A Slow Growth on the Soul

By the time the volunteer ambulance rolled up to 37 Onnit Road the window of opportunity had closed-- not the one to save Gary Schlecker's dwindling life; the one to justify turning the lights and siren on while escorting his body to whatever white, sterile walls awaited it. That was the only reward in a case like his, especially if you'd ever loaned him money or bought him a drink.

"Here, Sam. Wipe this under your nostrils," Lonnie said as he handed Sam a jar of Vick's. He conjured it from under the passenger's seat of the meat wagon after it pulled into the driveway. "The cops on Gary's porch have that twisted look on their faces. It's gonna be a ripe one."

Sam spun off the lid of the pungent cream and spread an over-zealous, two-inch length of blue well past the edges of his nose.

"You're the best tech this town's got, Lon," Sam said matter-of-factly.

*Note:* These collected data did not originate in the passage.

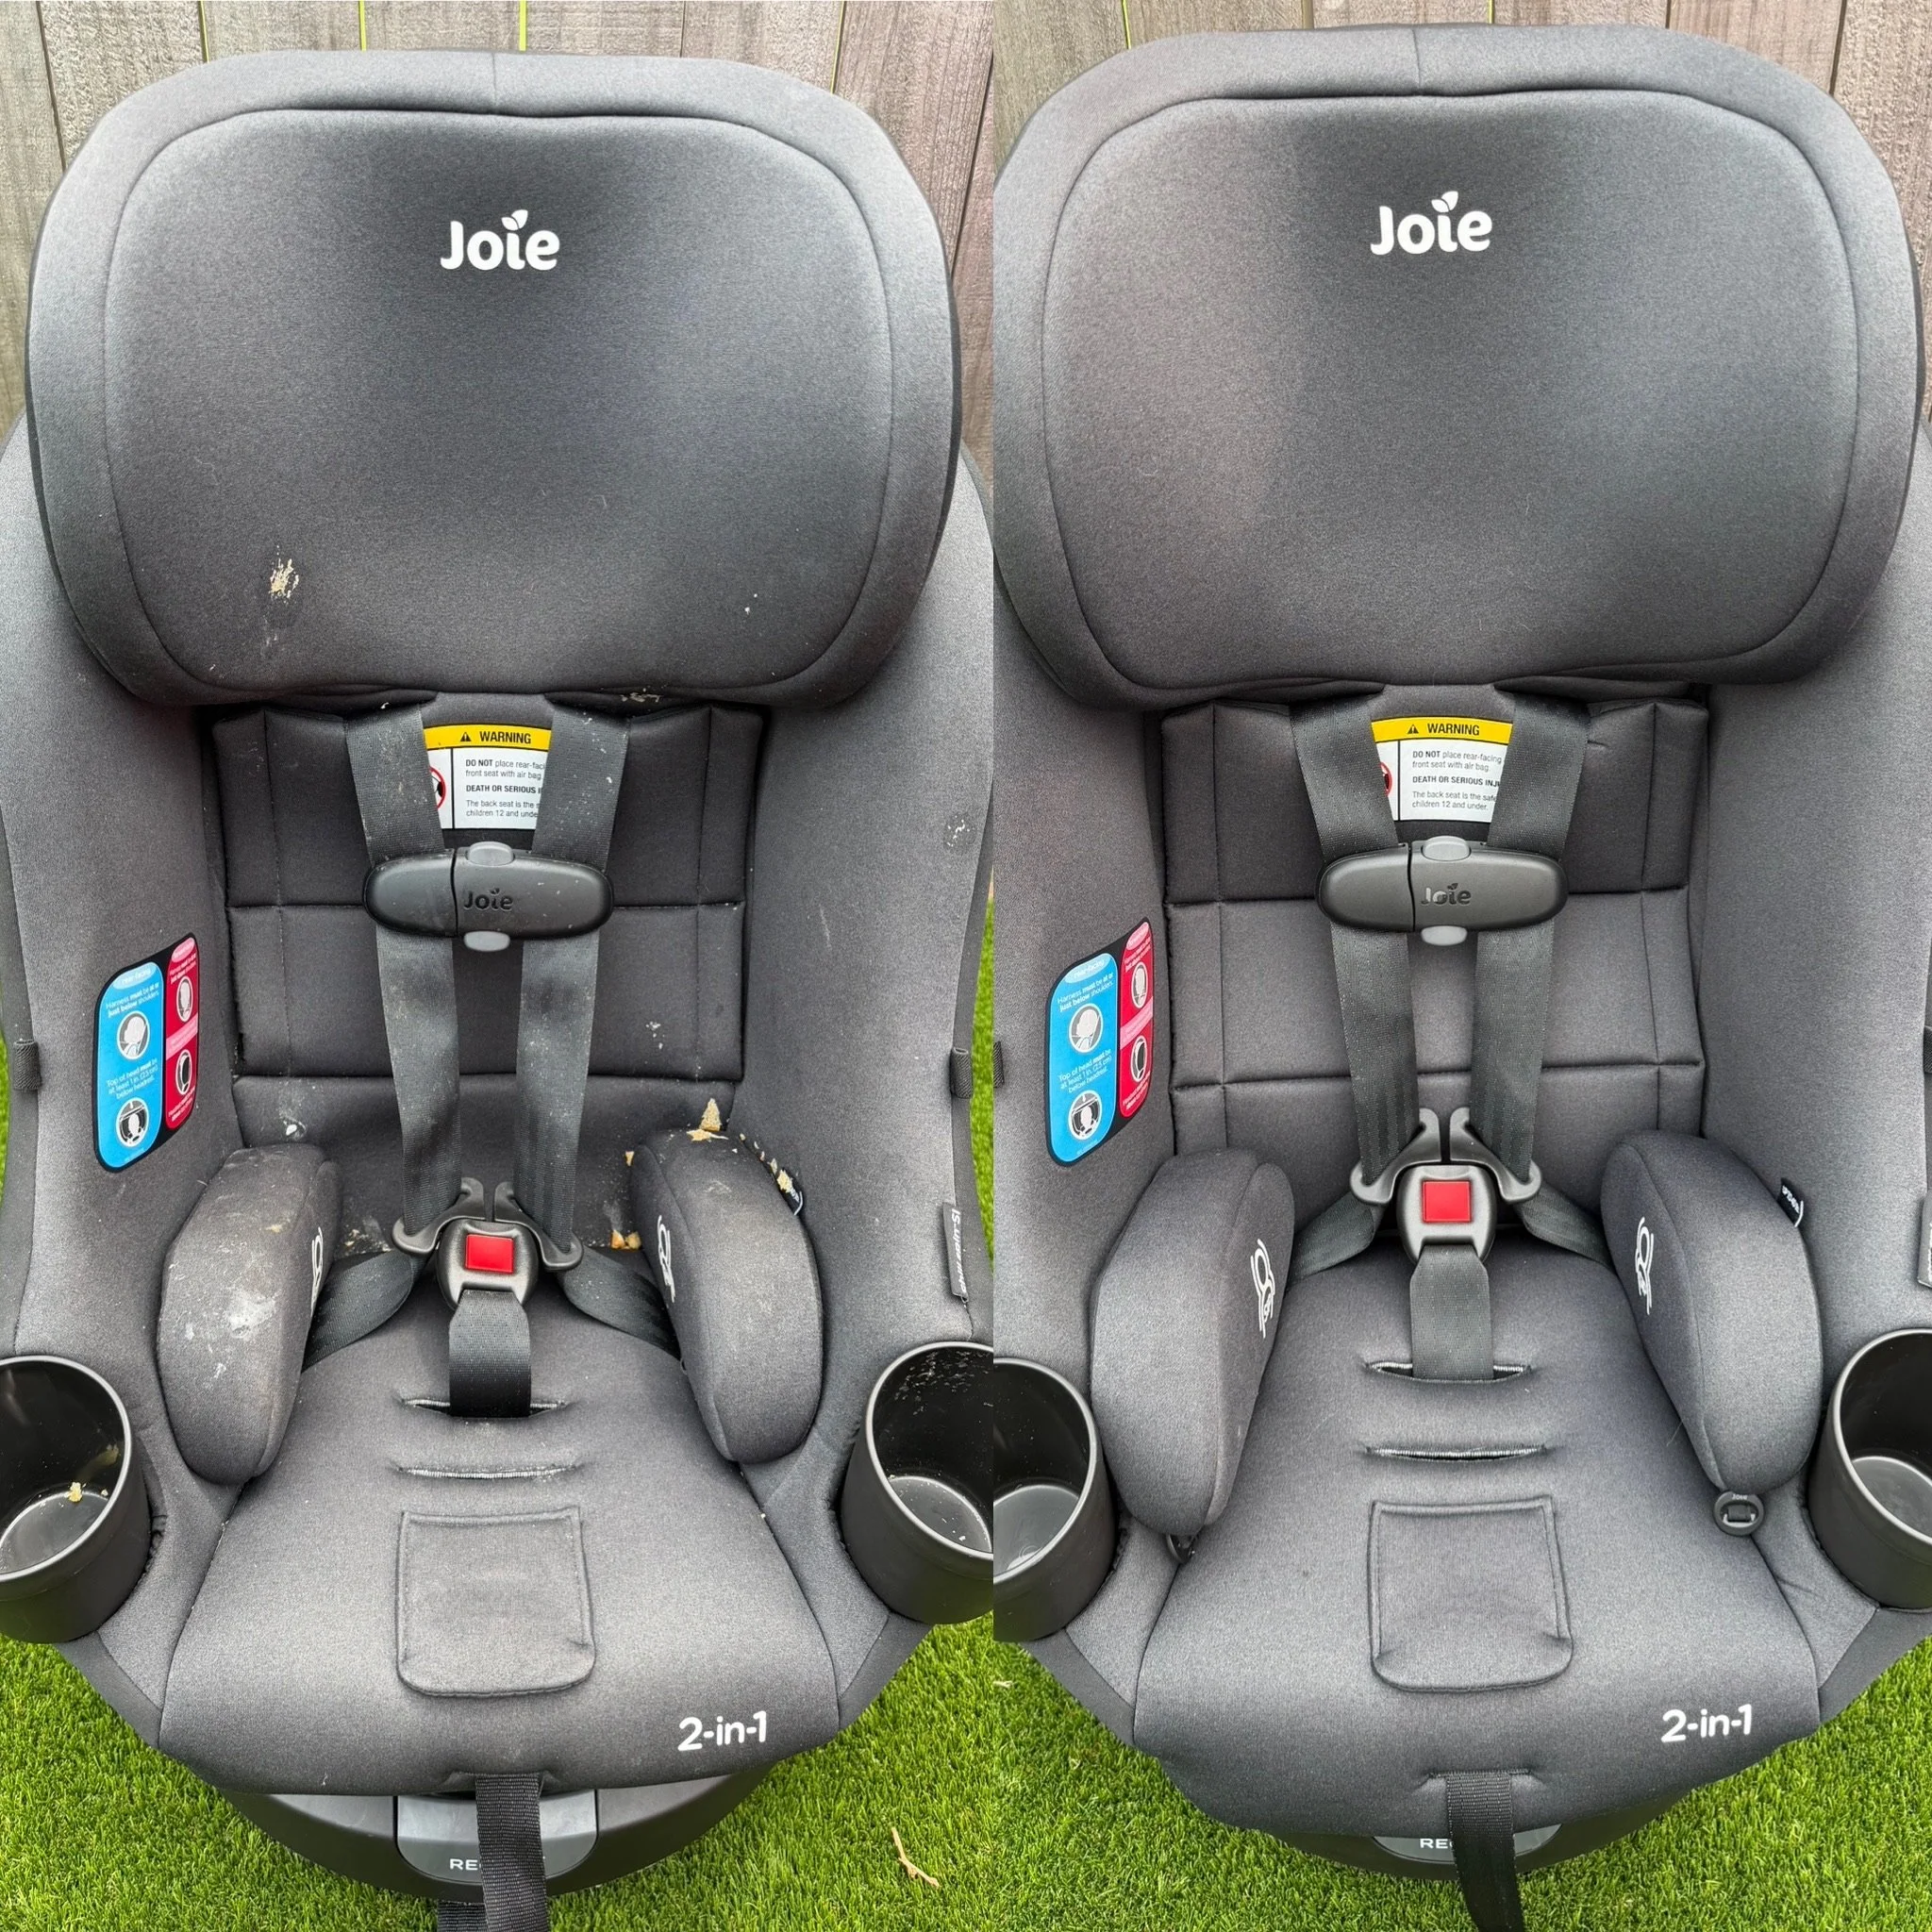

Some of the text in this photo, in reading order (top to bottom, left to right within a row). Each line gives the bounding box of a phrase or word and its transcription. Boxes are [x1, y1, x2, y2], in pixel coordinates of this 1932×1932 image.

[1370, 191, 1492, 255] Joie
[441, 209, 559, 271] Joie
[1427, 723, 1480, 735] WARNING
[479, 731, 531, 744] WARNING
[495, 759, 513, 769] place
[1442, 751, 1461, 760] place
[1463, 754, 1502, 765] rear-facing
[1451, 776, 1483, 785] SERIOUS
[504, 785, 536, 794] SERIOUS
[464, 888, 513, 911] Joie
[1420, 883, 1472, 905] Joie
[1661, 1704, 1752, 1743] 2-in-1
[678, 1710, 767, 1751] 2-in-1
[1420, 1838, 1454, 1849] RE
[450, 1858, 482, 1871] RE

Little tricks like the Vick's impressed those who worked with Lonnie. He never discredited their claims, but deep down in his simple, suburban heart he knew that he was an observer, not a genius. He saw the odor-fighting trick on a detective show once. The hip, shoulder-holstered cops applied the ointment under their noses before fingerprinting an especially rancid crime scene. He made a mental note of the technique before retiring to bed next to his slightly overweight wife. I'll wow them with this one, Lonnie thought as he drifted off to the pleasant land where his thirty-year mortgage didn't exist. The monsters of dreamscapes didn't work in the medium of paper. For Lonnie, Sam, and most other men in their tax bracket with similar IQs, the worst things encountered during sleep consisted of the fairer sex and younger versions of themselves. Tight-bodied cheerleaders had transformed into cottage-cheesed soccer moms in the familiar scenario that the game of life churned out over and over. Quarterbacks retired to armchairs and beer packed on pounds with a vengeance. It seemed unfair to all parties involved, including the electric company. Few folks over thirty had their weekly consummation without turning the lights off first.

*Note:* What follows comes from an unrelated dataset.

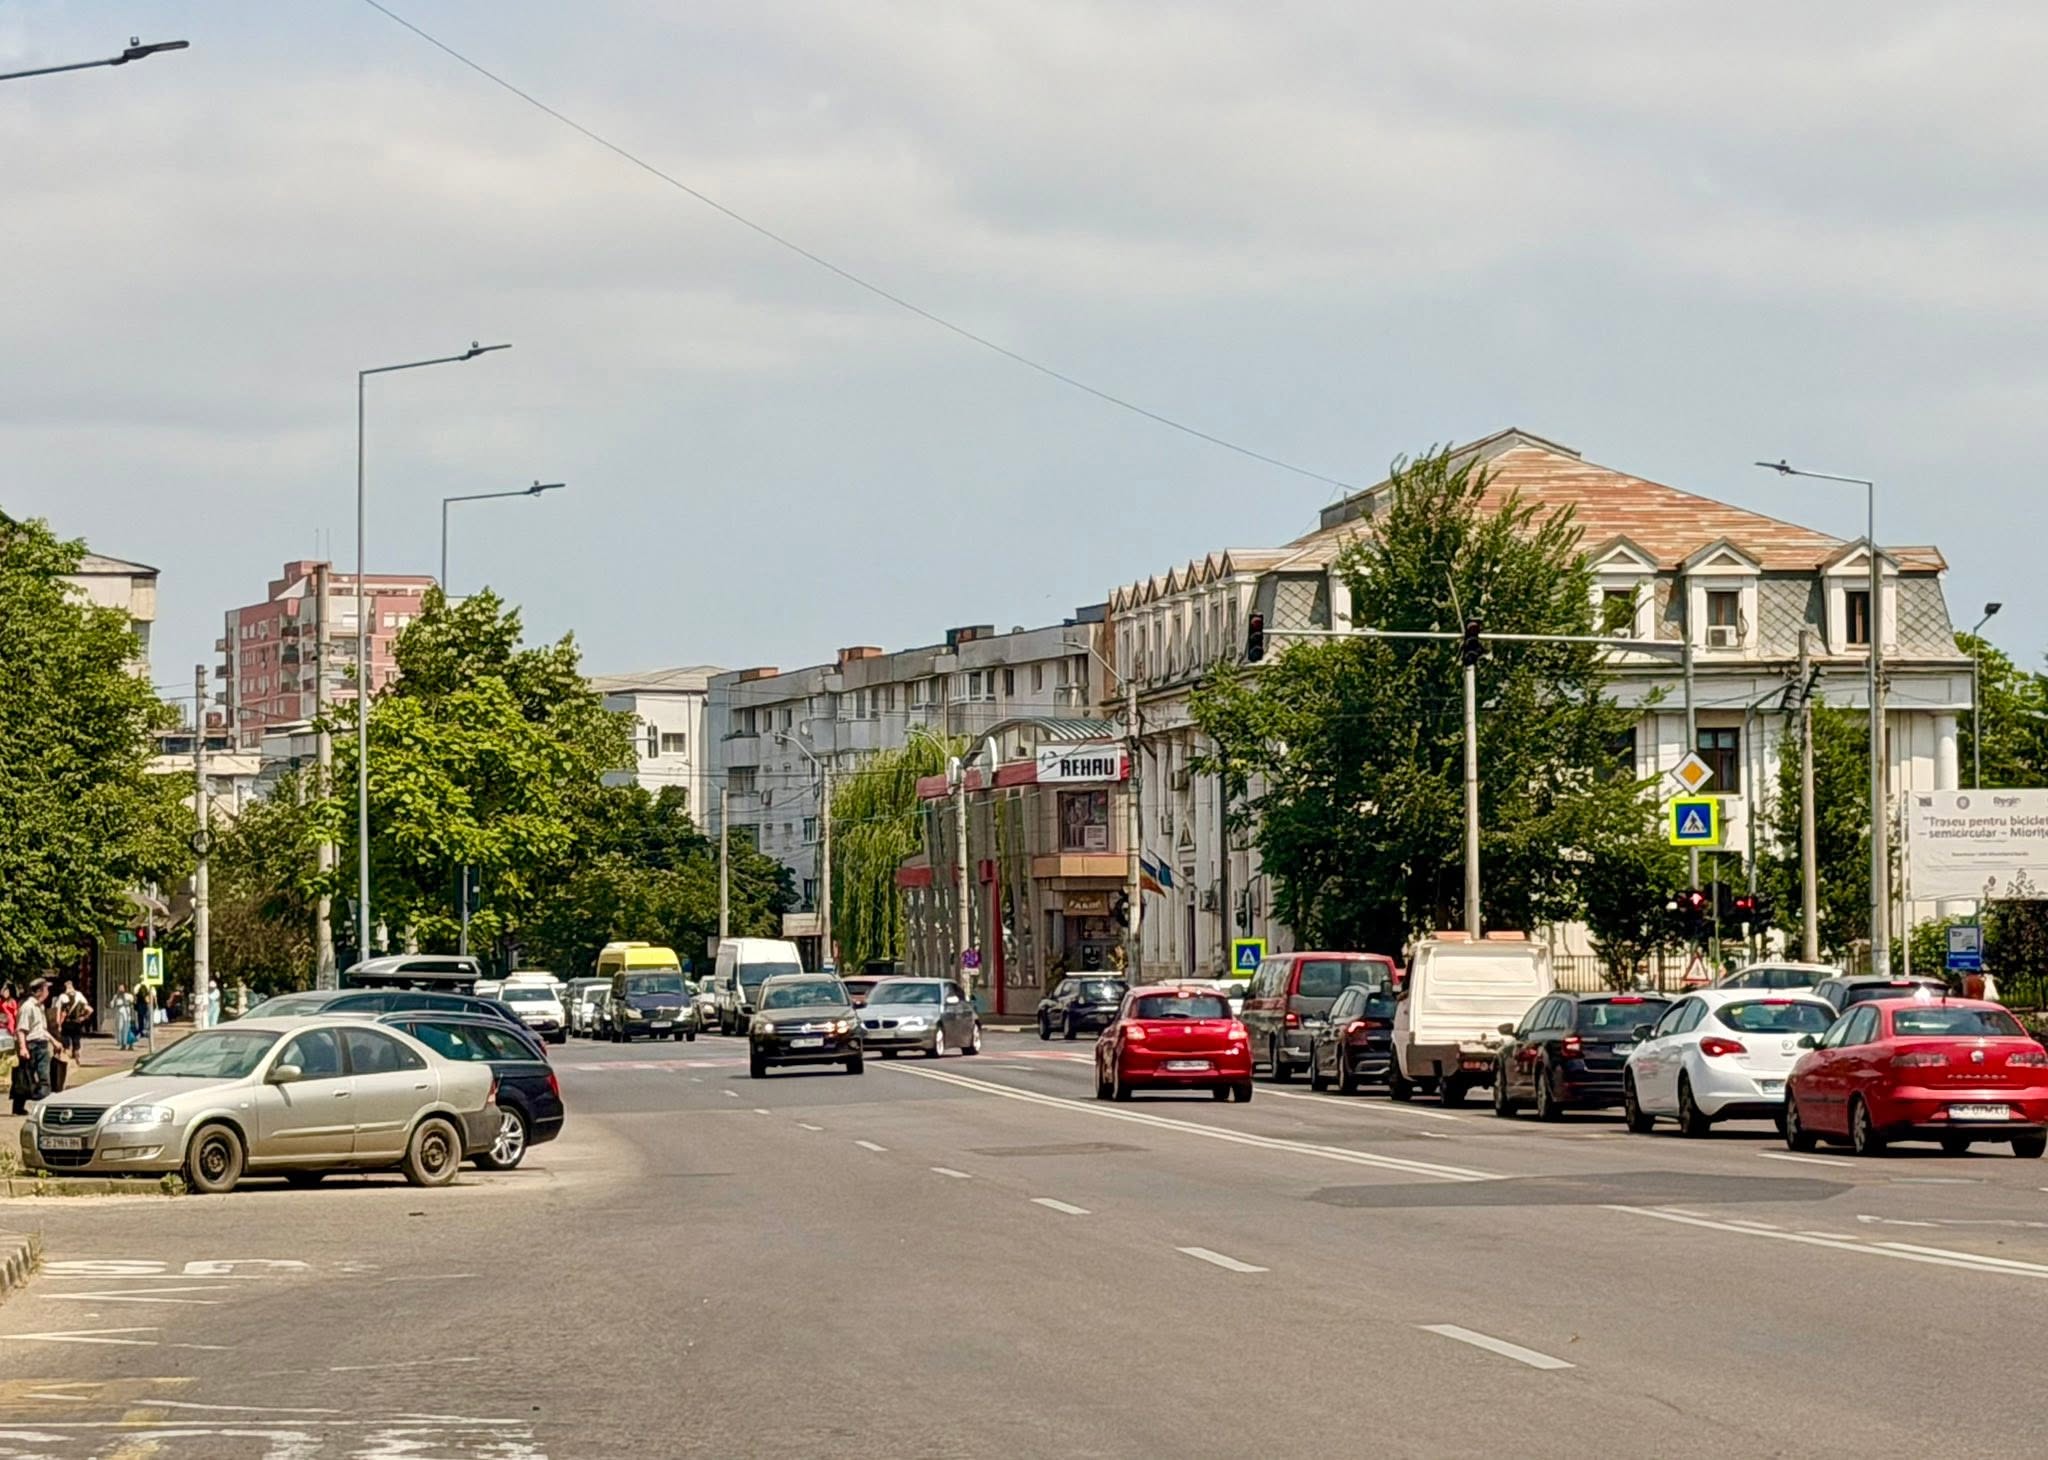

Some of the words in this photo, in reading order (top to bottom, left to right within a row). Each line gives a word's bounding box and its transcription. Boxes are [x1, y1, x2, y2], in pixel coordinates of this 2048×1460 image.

The things they could've done. The places they could've gone. The love they could've made. The horror of the long list of possibilities crept into Lonnie's distracted mind as he and Sam walked to the back of the ambulance.

"Gary's better off," he slipped, half-consciously.

"What's that?" Sam asked. The overabundance of noxious chemicals under Sam's nose was beginning to affect his brain slightly. It was a side effect Sam looked forward to every time. An innocent buzz was one of the many simple pleasures that Gary would no longer be eligible to enjoy. He'd gone and died. Safer, but limited. It seemed a fair trade to those who knew the score, or could at least read the board. Lonnie was one of the latter.

The two men wheeled the stretcher to the side entrance of the house. Anyone from town could tell that the door near the stone porch was the one to use. Only new delivery men bothered with the one out front. Sgt. Daniels was wiping sweat from his forehead with what looked like a lace handkerchief. No one questioned Sgt. Daniels when it came to his decisions.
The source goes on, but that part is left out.